Hey wait, the fuck? She didn't have any friends or followers.

"Someone messaged me," she said, and waved the phone. "Do you think it's a prospective sugar daddy or just a hot single bot account in my area?"

Alex choked on air.

She opened the message and was immediately surprised. "It's a conspiracy theory." Ji Min cocked her head, frowning a little as she read it. "Someone calling themselves an anonymous investigator thinks that there's a human trafficking operation in Rat City. Why are they telling me this?"

"I don’t know, but the location is convenient," Alex said deadpan. "You can stop over on your way out of town."

She thought about it for a minute and estimated, "Yeah, like a twenty minute detour." She backed out of the message request but didn't delete or block it.

…Alex was probably joking, but Ji Min had time for everything in the world but minding her own fucking business. Maybe she’d contact this guy and look into it.
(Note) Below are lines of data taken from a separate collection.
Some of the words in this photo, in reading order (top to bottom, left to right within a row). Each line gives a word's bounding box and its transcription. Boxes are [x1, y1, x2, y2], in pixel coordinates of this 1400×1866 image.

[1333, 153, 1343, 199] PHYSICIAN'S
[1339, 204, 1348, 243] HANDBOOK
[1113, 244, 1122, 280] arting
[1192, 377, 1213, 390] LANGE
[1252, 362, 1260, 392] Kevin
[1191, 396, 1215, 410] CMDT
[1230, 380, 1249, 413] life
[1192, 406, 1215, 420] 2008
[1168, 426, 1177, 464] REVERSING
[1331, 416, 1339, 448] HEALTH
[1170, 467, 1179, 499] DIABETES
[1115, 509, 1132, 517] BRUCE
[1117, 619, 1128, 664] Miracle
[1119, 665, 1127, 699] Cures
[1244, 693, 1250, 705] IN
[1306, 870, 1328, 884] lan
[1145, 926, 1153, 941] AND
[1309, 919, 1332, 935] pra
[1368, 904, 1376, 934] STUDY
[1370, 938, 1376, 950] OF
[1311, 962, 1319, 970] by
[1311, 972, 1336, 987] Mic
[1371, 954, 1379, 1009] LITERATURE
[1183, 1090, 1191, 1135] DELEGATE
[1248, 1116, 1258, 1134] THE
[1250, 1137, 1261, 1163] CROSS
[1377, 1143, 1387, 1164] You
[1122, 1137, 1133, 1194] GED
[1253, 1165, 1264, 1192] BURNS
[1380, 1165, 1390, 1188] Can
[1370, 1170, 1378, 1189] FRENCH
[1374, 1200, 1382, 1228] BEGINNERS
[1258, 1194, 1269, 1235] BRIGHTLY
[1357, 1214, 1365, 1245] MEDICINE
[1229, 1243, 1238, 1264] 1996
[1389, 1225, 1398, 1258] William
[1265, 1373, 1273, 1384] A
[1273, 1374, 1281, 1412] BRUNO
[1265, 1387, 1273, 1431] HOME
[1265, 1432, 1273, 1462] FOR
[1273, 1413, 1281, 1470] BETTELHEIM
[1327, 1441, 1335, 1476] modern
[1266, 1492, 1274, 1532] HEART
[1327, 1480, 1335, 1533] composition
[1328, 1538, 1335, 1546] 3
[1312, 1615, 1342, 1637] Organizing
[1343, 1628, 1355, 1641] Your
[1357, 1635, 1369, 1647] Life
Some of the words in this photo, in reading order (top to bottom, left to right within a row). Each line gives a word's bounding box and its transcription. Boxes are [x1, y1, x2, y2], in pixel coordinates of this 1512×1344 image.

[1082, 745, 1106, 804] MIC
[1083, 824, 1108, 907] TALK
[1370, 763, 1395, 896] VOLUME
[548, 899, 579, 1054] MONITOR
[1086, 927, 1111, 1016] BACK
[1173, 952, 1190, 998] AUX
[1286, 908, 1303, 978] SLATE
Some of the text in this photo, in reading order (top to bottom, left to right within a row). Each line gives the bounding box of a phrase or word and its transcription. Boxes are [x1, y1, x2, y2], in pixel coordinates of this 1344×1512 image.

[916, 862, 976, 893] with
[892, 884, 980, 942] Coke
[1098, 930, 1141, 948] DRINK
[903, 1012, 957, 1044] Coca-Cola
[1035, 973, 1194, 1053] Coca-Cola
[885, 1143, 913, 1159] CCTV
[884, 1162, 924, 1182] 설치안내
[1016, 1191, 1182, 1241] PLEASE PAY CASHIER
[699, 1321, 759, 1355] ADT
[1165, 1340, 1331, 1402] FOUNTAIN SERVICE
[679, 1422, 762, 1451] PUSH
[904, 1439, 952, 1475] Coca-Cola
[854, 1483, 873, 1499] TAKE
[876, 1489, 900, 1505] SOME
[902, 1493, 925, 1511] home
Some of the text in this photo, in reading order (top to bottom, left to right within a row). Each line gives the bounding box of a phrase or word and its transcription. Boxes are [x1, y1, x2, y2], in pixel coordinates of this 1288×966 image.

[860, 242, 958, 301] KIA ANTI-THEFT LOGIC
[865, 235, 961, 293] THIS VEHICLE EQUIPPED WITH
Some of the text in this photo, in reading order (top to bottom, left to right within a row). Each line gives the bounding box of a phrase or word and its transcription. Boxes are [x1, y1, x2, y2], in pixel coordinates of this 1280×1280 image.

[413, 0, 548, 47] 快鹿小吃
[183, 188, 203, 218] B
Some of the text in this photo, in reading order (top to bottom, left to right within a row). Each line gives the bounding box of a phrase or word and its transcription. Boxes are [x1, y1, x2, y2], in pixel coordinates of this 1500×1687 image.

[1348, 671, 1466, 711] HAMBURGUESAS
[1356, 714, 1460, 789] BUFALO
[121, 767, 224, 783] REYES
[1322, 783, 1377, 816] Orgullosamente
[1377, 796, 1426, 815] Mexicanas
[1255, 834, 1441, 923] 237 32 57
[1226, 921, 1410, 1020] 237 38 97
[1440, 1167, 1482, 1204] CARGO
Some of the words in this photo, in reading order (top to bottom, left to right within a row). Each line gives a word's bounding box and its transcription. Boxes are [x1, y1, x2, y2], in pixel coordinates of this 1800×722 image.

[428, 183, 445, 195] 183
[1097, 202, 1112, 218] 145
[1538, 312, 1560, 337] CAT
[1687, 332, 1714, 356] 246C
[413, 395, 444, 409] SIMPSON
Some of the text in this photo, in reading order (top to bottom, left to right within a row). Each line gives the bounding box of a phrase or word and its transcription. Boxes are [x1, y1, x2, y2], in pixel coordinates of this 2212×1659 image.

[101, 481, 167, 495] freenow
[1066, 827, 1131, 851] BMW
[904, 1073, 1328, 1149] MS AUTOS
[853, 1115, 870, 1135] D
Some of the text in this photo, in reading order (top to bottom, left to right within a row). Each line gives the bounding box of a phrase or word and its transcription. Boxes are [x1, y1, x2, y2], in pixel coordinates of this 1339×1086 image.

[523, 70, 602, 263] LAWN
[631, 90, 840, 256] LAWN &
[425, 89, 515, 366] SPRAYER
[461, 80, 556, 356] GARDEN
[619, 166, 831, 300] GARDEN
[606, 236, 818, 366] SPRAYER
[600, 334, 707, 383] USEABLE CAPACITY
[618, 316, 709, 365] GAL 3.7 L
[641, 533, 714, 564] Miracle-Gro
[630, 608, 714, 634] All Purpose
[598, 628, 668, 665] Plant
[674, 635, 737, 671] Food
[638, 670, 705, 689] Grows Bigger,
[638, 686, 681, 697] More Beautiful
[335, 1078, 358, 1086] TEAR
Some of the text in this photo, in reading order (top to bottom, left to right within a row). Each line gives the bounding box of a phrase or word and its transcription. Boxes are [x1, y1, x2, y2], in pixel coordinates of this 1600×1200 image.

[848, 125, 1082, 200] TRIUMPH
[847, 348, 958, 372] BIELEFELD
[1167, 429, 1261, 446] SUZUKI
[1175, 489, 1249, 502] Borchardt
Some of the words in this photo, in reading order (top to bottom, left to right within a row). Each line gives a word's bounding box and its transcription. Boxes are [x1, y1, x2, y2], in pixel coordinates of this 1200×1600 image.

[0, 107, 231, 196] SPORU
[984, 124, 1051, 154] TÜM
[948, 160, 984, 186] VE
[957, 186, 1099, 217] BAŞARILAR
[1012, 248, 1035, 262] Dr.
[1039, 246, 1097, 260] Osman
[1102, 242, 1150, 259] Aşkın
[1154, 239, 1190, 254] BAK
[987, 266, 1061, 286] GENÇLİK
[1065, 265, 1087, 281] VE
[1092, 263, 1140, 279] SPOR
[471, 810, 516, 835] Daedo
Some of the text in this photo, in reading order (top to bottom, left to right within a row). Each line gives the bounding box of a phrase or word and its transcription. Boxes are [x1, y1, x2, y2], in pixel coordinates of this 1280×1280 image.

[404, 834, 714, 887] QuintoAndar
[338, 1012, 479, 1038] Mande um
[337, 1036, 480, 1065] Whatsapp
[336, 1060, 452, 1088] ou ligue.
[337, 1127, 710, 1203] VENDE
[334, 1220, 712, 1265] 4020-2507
'Besides, what if it's true?' She rolled her eyes at her weak justification, but couldn't stop her train of thought. 'That would be an impressive case to break open. And it could make a big impact on people's lives. I'd like to do that. I'd like to save people.'

"Here's a good location." Alex held his phone up to her. "Are you up for some climbing? It would be a flex to balance up there. You can hold yourself with one hand, right?"

Ji Min dragged her attention back to the present and checked out the inspiration photo. "Looks good. Let's do it."